Only the words of the entries are wanted, repeated exactly and without images.

> [Source material]:
____

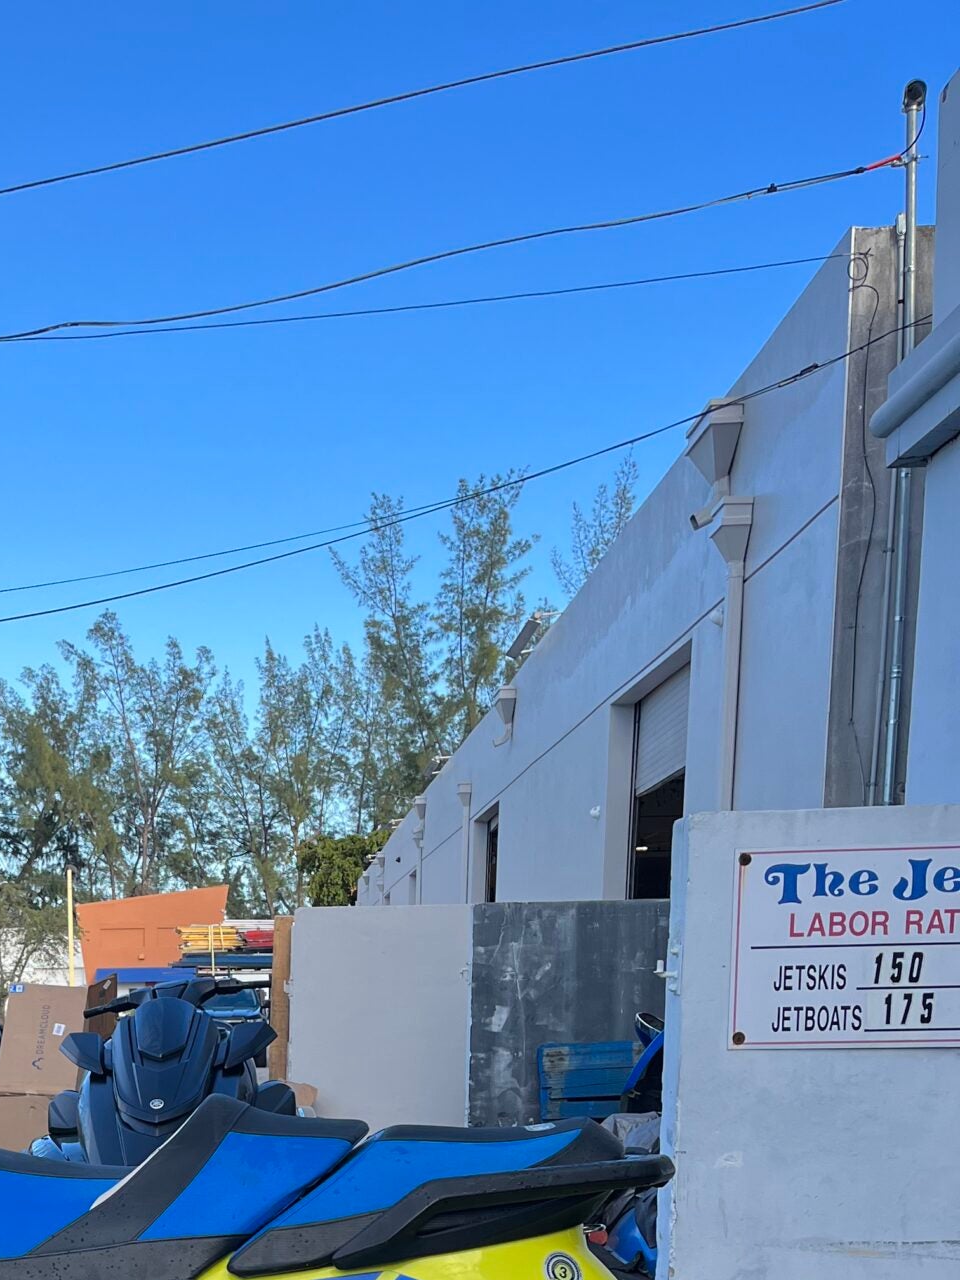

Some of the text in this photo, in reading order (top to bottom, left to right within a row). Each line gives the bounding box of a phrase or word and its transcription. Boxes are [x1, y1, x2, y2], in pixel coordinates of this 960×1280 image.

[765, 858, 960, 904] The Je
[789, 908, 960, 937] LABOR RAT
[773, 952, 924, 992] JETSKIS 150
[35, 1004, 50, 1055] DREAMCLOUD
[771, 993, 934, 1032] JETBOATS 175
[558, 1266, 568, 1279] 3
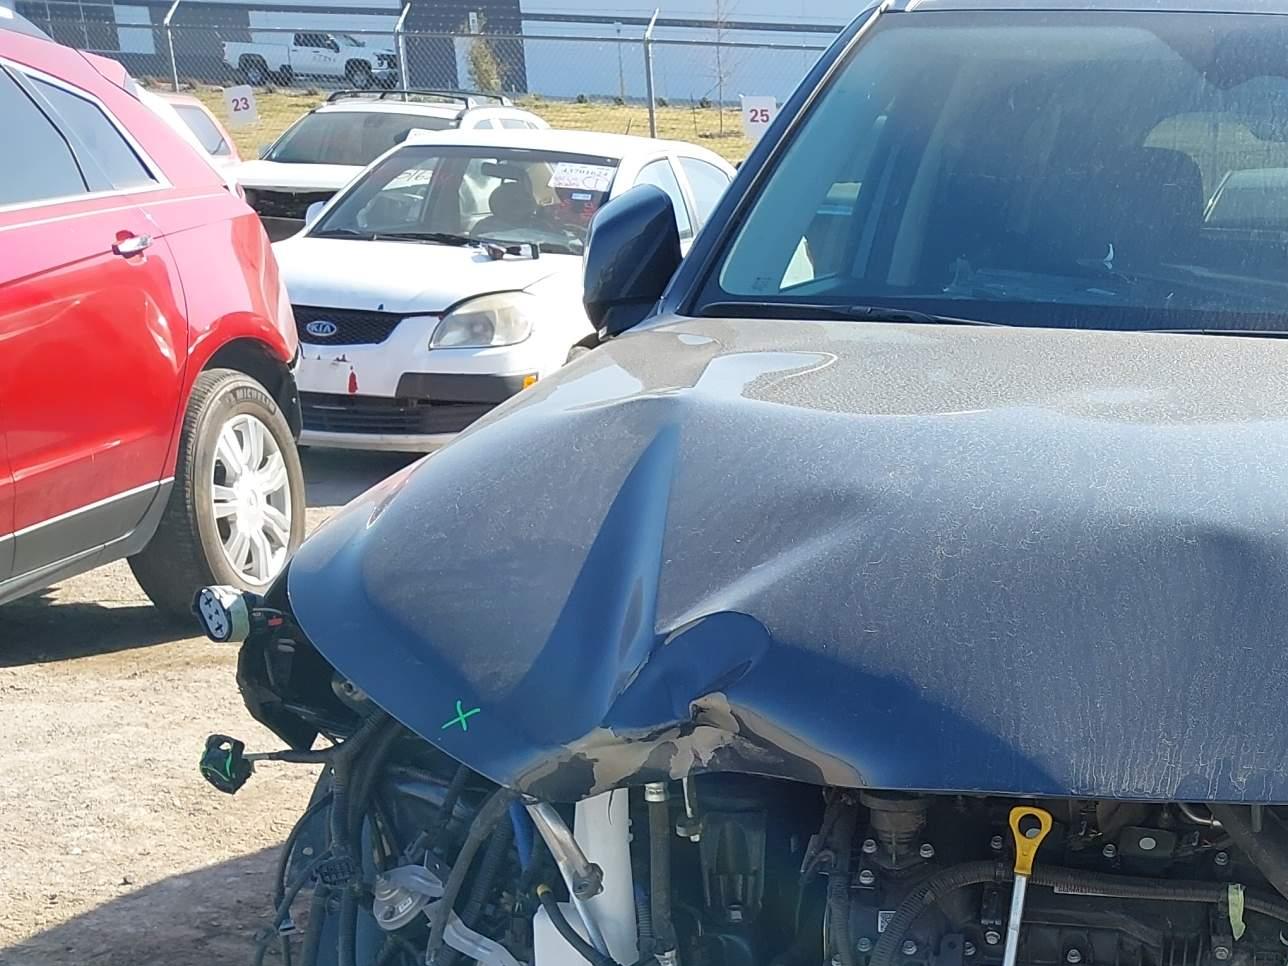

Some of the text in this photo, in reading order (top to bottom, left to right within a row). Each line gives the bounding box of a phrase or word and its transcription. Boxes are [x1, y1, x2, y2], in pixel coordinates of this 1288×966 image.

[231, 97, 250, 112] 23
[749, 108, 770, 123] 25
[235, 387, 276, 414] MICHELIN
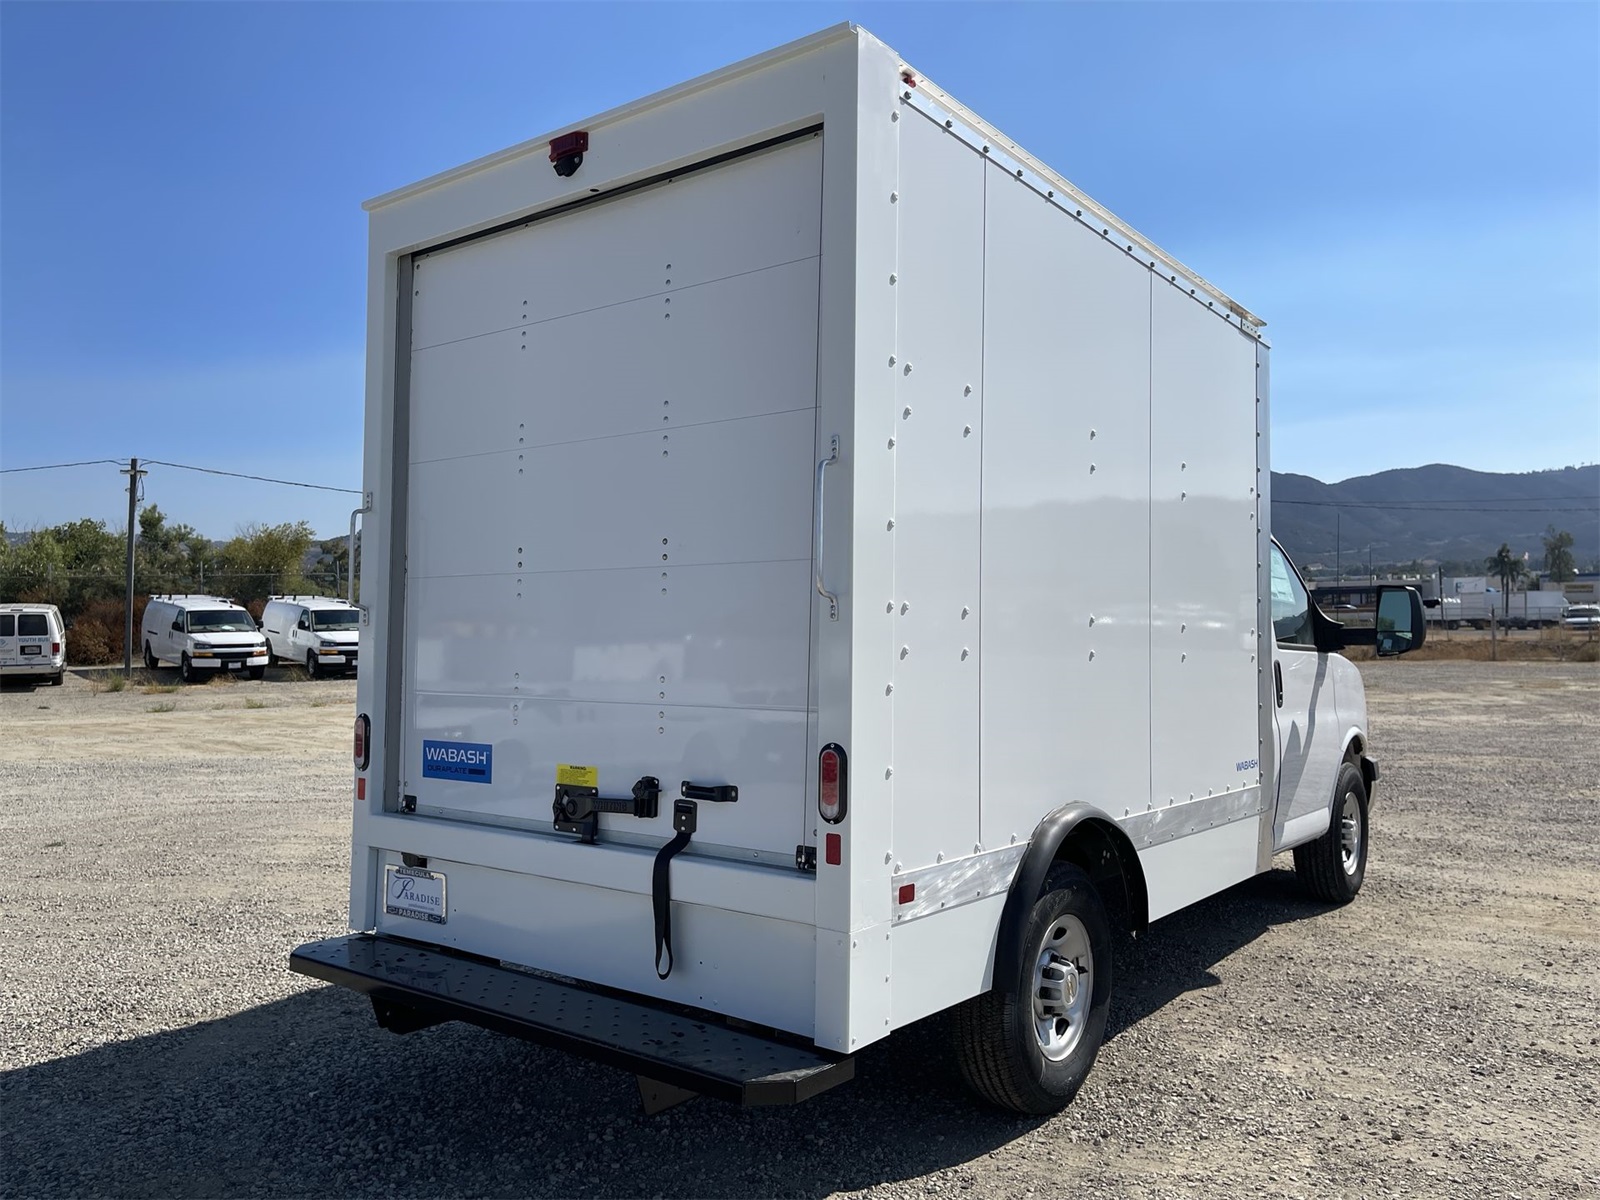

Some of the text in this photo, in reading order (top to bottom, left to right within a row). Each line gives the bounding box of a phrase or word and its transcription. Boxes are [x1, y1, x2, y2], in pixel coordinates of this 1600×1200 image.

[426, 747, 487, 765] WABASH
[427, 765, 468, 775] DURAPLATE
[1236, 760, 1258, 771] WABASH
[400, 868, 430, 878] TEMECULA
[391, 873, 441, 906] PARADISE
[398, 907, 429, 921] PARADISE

____

> [Solution for this task]:
Some of the text in this photo, in reading order (top to bottom, left to right within a row). Each line gives the bounding box of a phrase or word and its transcription. Boxes are [x1, y1, x2, y2], in pixel coordinates of this 960×1280 image.

[765, 858, 960, 904] The Je
[789, 908, 960, 937] LABOR RAT
[773, 952, 924, 992] JETSKIS 150
[35, 1004, 50, 1055] DREAMCLOUD
[771, 993, 934, 1032] JETBOATS 175
[558, 1266, 568, 1279] 3

Some of the text in this photo, in reading order (top to bottom, left to right within a row). Each line gives the bounding box of a phrase or word and its transcription. Boxes are [x1, y1, x2, y2], in pixel coordinates of this 1288×966 image.

[231, 97, 250, 112] 23
[749, 108, 770, 123] 25
[235, 387, 276, 414] MICHELIN

Some of the text in this photo, in reading order (top to bottom, left to right within a row). Each line gives the bounding box of a phrase or word and its transcription. Boxes are [x1, y1, x2, y2], in pixel coordinates of this 1600×1200 image.

[426, 747, 487, 765] WABASH
[427, 765, 468, 775] DURAPLATE
[1236, 760, 1258, 771] WABASH
[400, 868, 430, 878] TEMECULA
[391, 873, 441, 906] PARADISE
[398, 907, 429, 921] PARADISE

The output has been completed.